Verbatim repeat, images excluded. Give each entry again as written.

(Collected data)
++++

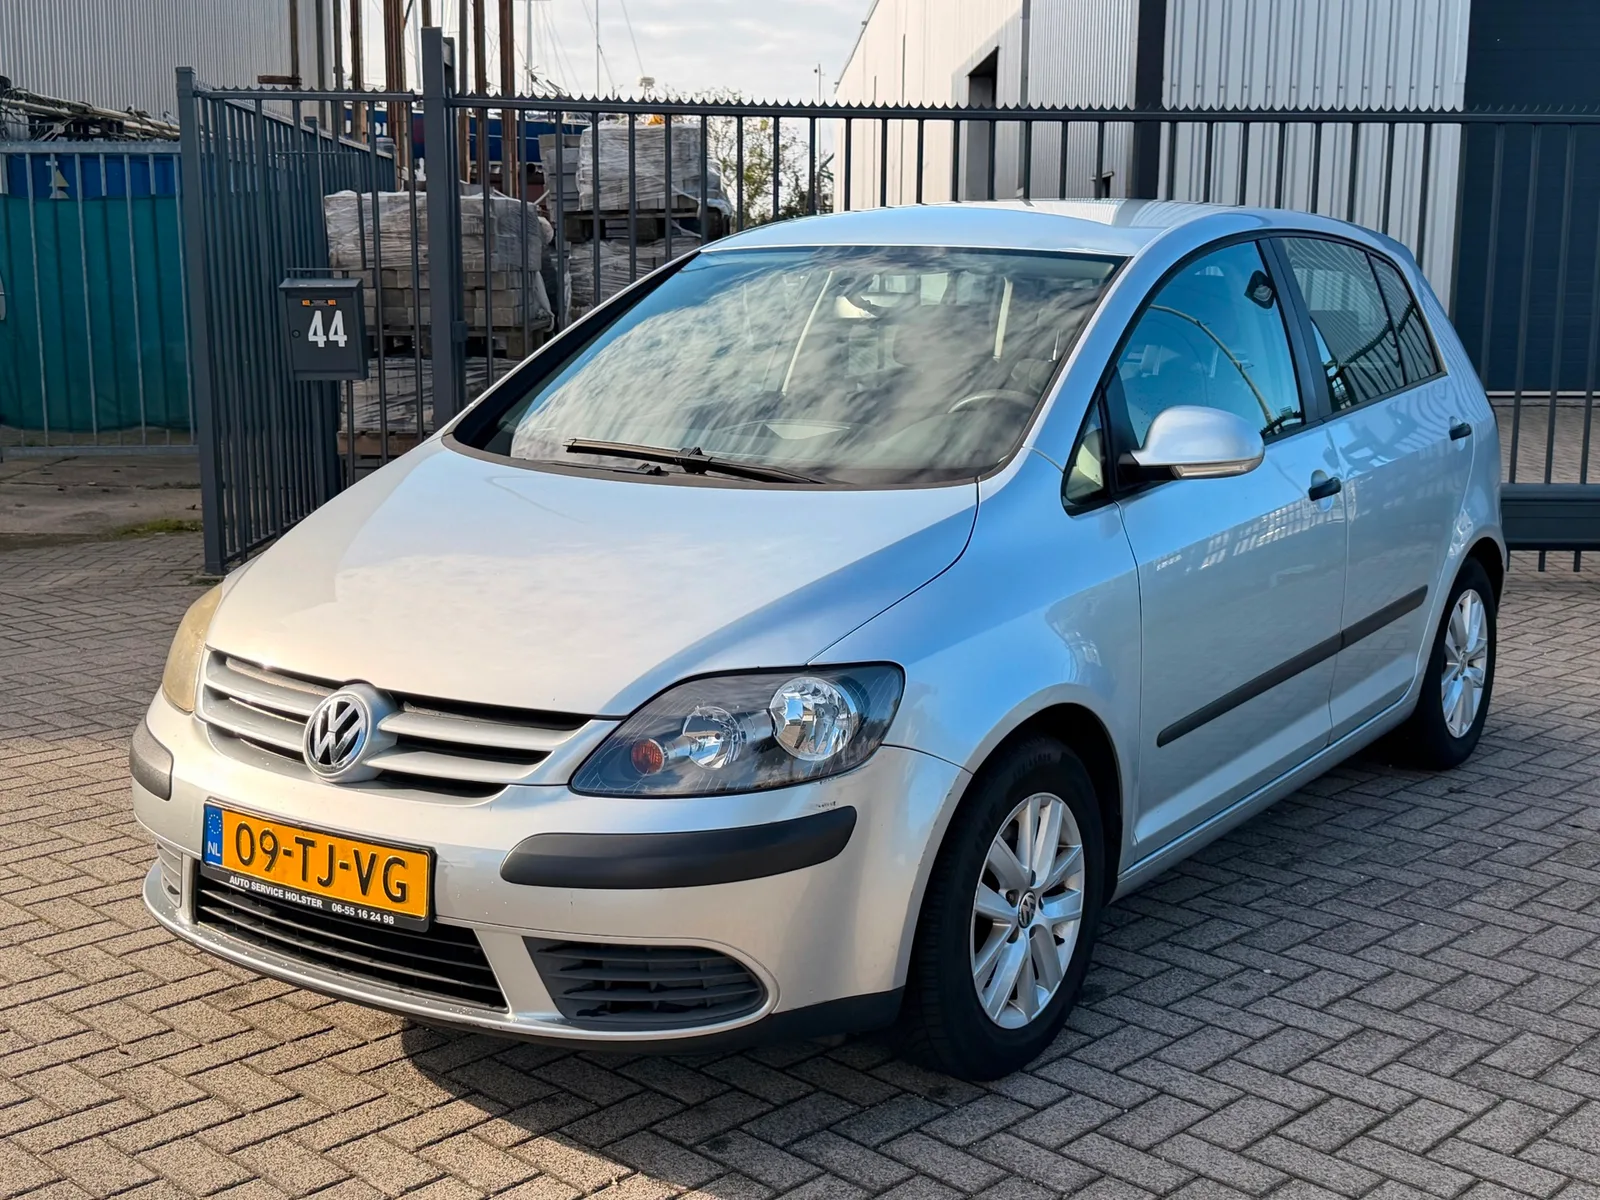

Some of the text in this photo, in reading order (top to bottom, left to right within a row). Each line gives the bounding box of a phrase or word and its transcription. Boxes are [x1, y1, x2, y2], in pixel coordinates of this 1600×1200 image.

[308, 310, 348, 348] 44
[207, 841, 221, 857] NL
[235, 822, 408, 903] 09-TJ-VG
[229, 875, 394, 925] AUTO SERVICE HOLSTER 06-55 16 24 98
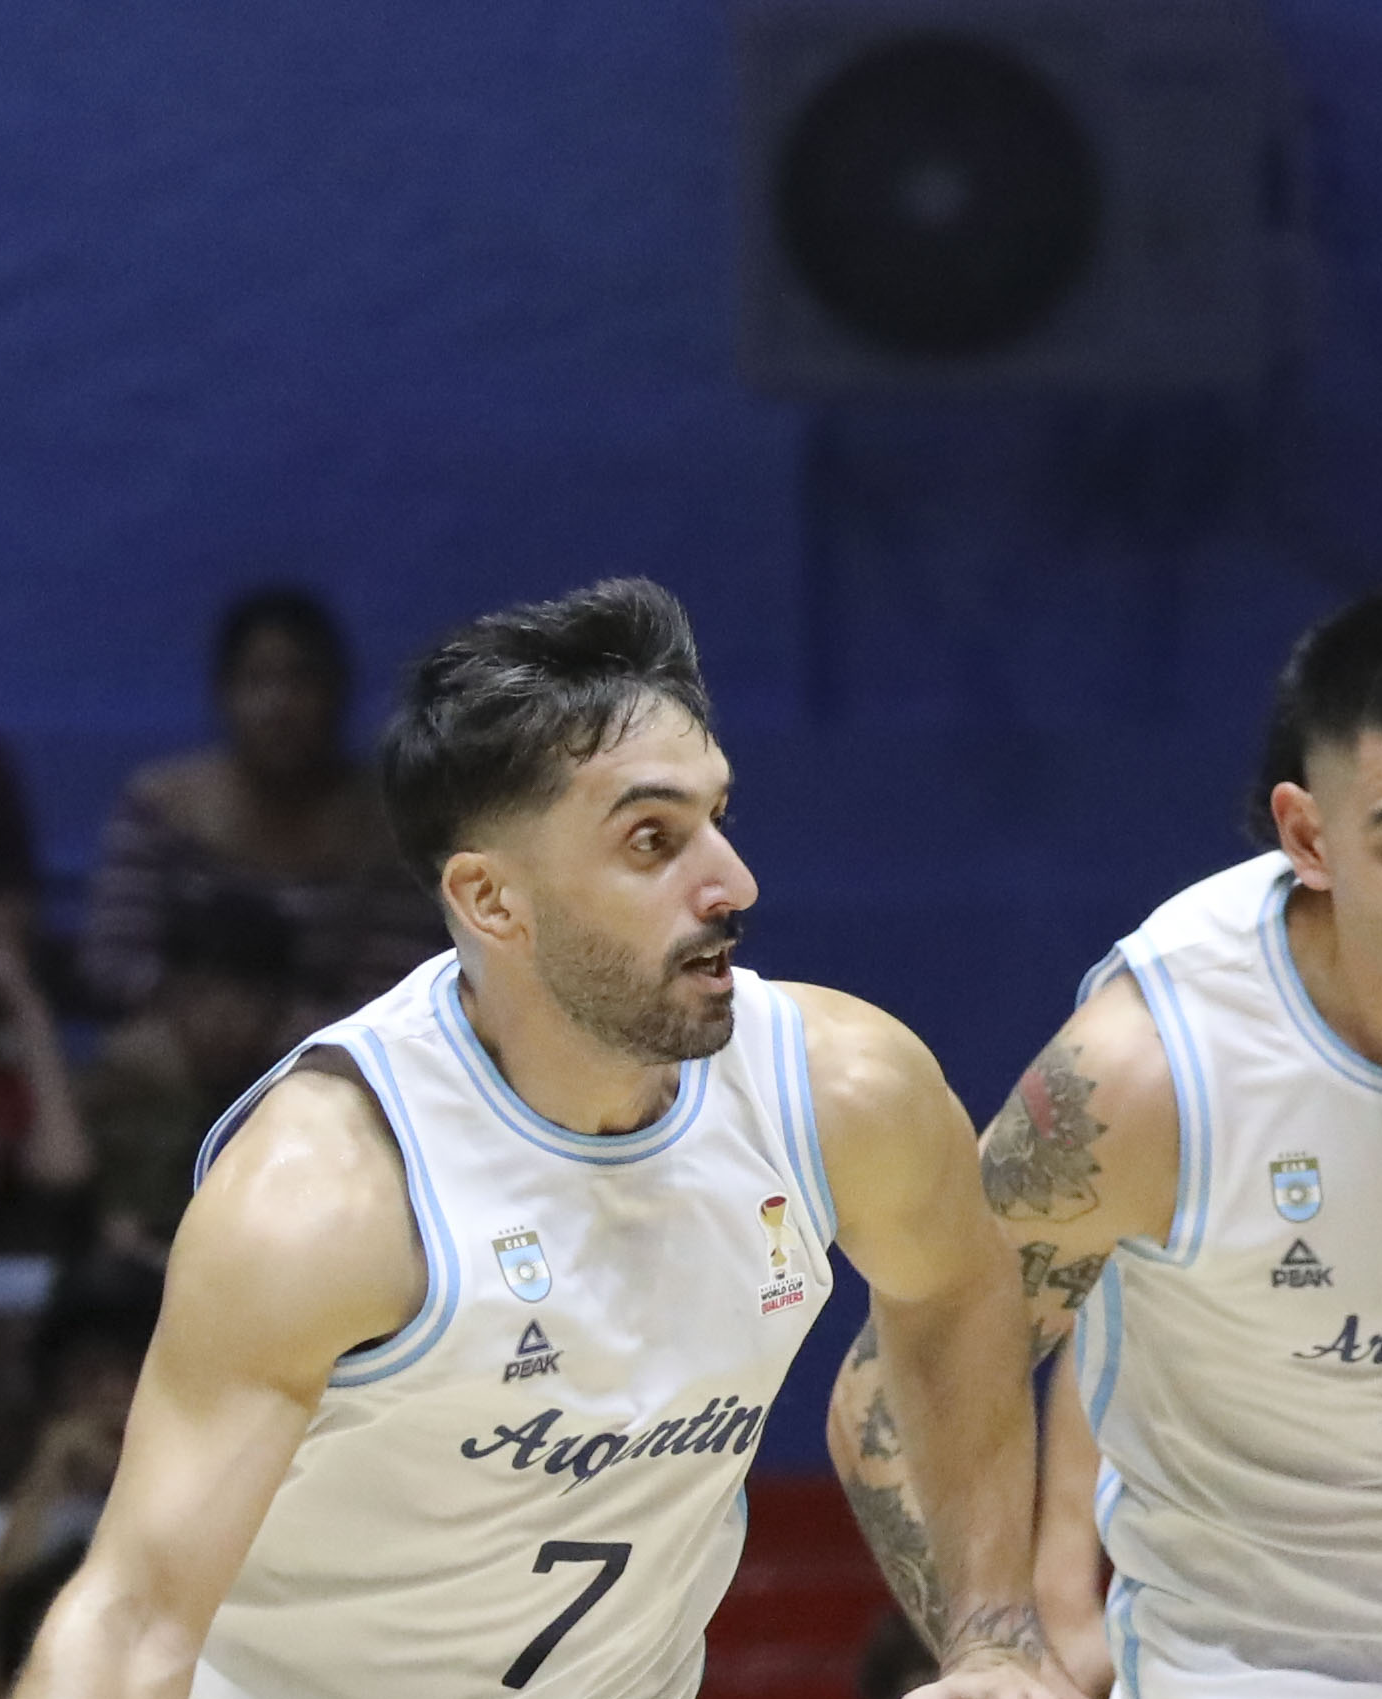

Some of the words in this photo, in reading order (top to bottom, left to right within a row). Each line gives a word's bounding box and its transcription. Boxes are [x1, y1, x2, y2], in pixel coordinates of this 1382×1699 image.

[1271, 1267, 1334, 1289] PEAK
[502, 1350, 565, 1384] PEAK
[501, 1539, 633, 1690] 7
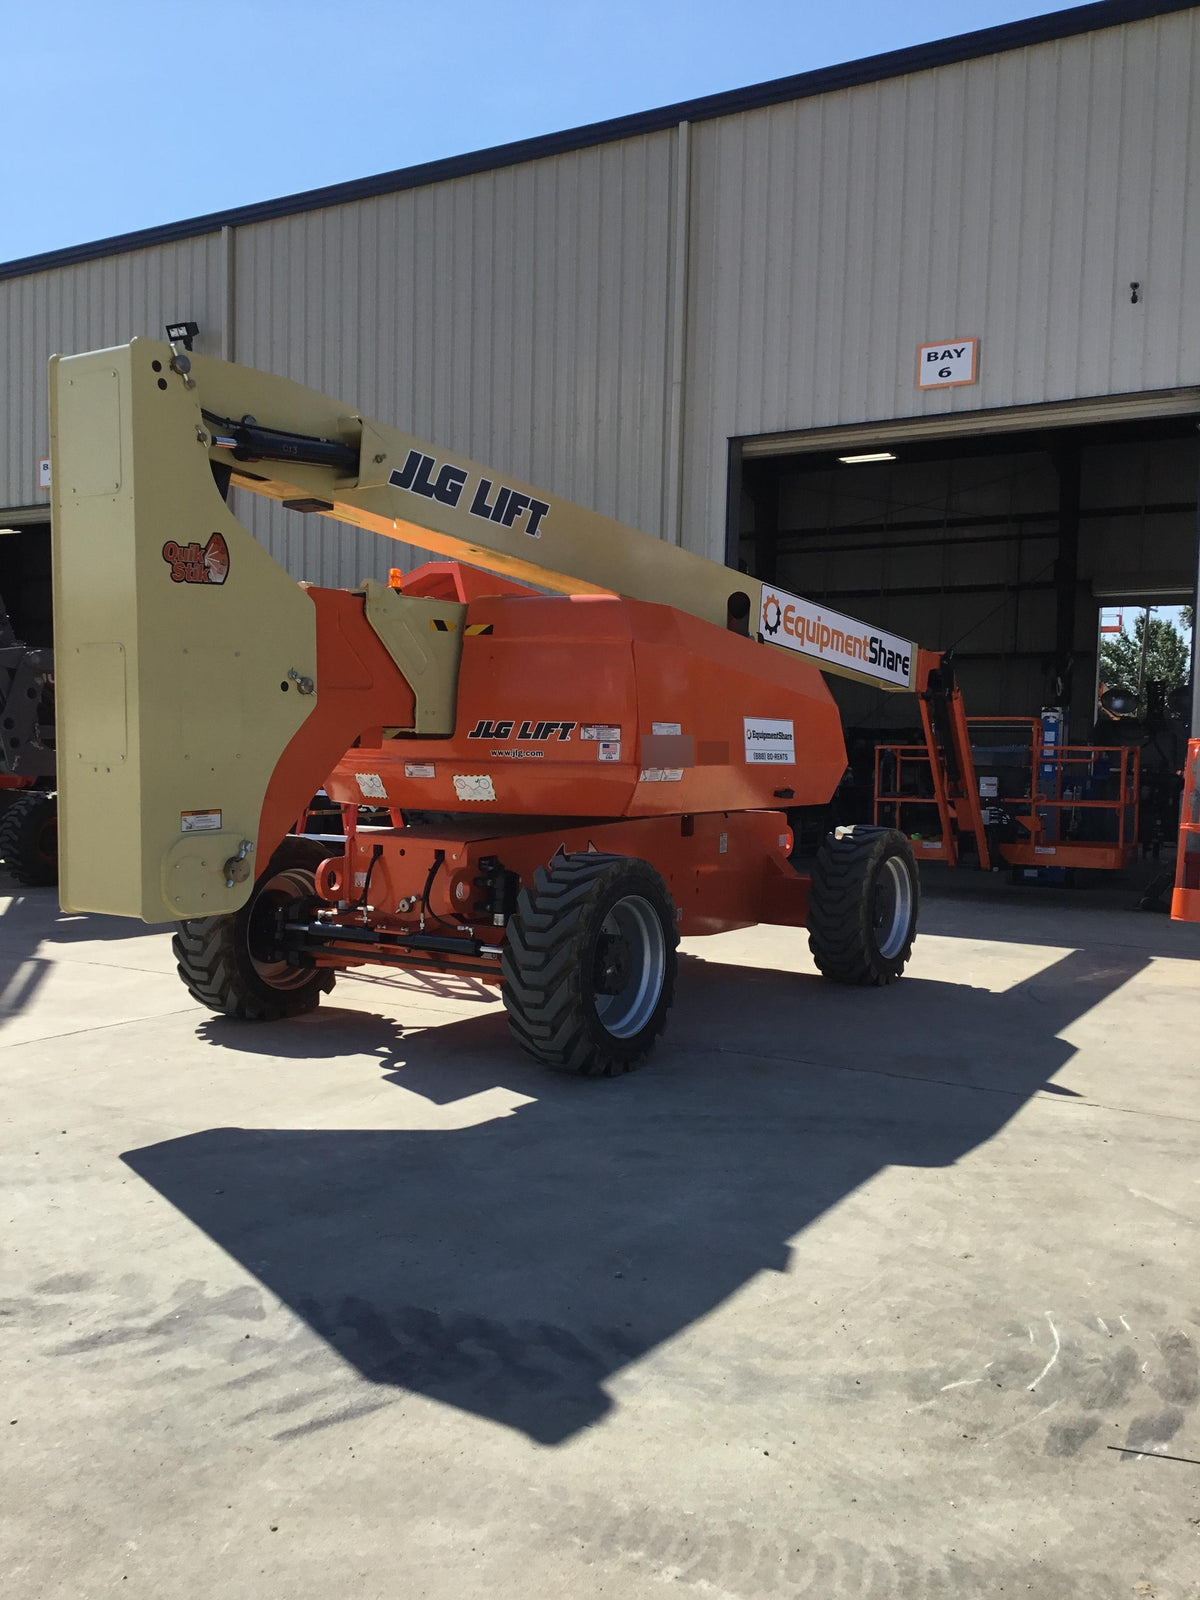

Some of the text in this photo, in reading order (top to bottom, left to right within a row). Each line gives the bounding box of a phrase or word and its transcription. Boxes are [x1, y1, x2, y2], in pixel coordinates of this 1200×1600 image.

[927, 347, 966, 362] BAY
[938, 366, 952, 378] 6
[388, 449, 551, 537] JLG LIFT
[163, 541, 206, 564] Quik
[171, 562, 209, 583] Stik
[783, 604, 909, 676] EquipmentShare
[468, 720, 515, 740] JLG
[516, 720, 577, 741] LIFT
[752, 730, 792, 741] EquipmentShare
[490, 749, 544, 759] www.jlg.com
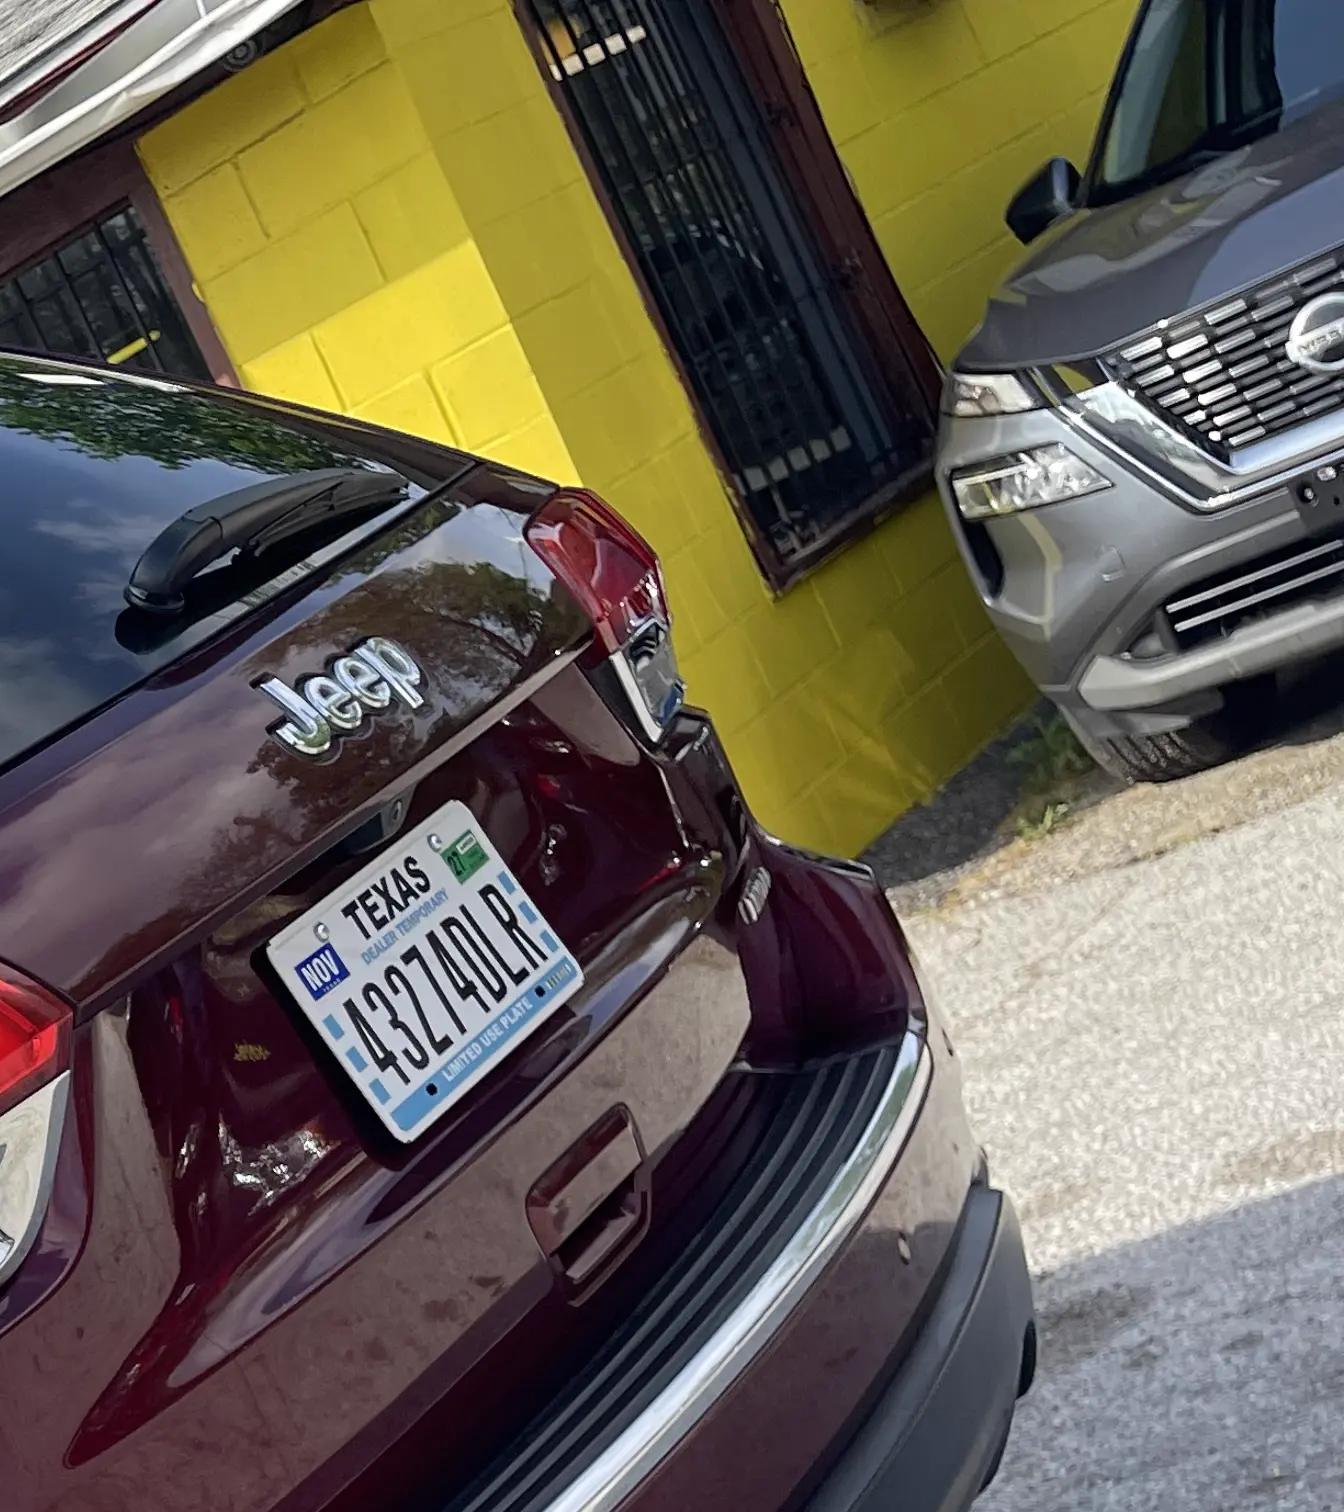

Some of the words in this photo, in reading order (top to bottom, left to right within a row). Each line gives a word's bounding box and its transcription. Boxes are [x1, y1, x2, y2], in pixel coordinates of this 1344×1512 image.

++++

- **Reply**
Some of the text in this photo, in reading order (top to bottom, left to right within a row). Each line gives the bounding box of a phrase or word and its transcription. Boxes are [x1, y1, x2, y2], in pixel coordinates of this 1600×1200 image.

[308, 310, 348, 348] 44
[207, 841, 221, 857] NL
[235, 822, 408, 903] 09-TJ-VG
[229, 875, 394, 925] AUTO SERVICE HOLSTER 06-55 16 24 98

Some of the words in this photo, in reading order (top to bottom, left to right within a row). Each line gives a word's bounding box and its transcription. Boxes are [x1, y1, x2, y2], in pixel coordinates of this 1382×1699 image.

[1271, 1267, 1334, 1289] PEAK
[502, 1350, 565, 1384] PEAK
[501, 1539, 633, 1690] 7

Some of the text in this photo, in reading order (top to bottom, left to right within a row). Each line gives the bounding box of a phrase or word and its transcription. Boxes are [x1, y1, x2, y2], in pixel coordinates of this 1200×1600 image.

[927, 347, 966, 362] BAY
[938, 366, 952, 378] 6
[388, 449, 551, 537] JLG LIFT
[163, 541, 206, 564] Quik
[171, 562, 209, 583] Stik
[783, 604, 909, 676] EquipmentShare
[468, 720, 515, 740] JLG
[516, 720, 577, 741] LIFT
[752, 730, 792, 741] EquipmentShare
[490, 749, 544, 759] www.jlg.com

Some of the words in this photo, in reading order (top to bottom, left to right within a row). Each line gives a word's bounding box and its transcription. Boxes are [x1, y1, x2, y2], in pixel coordinates of this 1344×1512 image.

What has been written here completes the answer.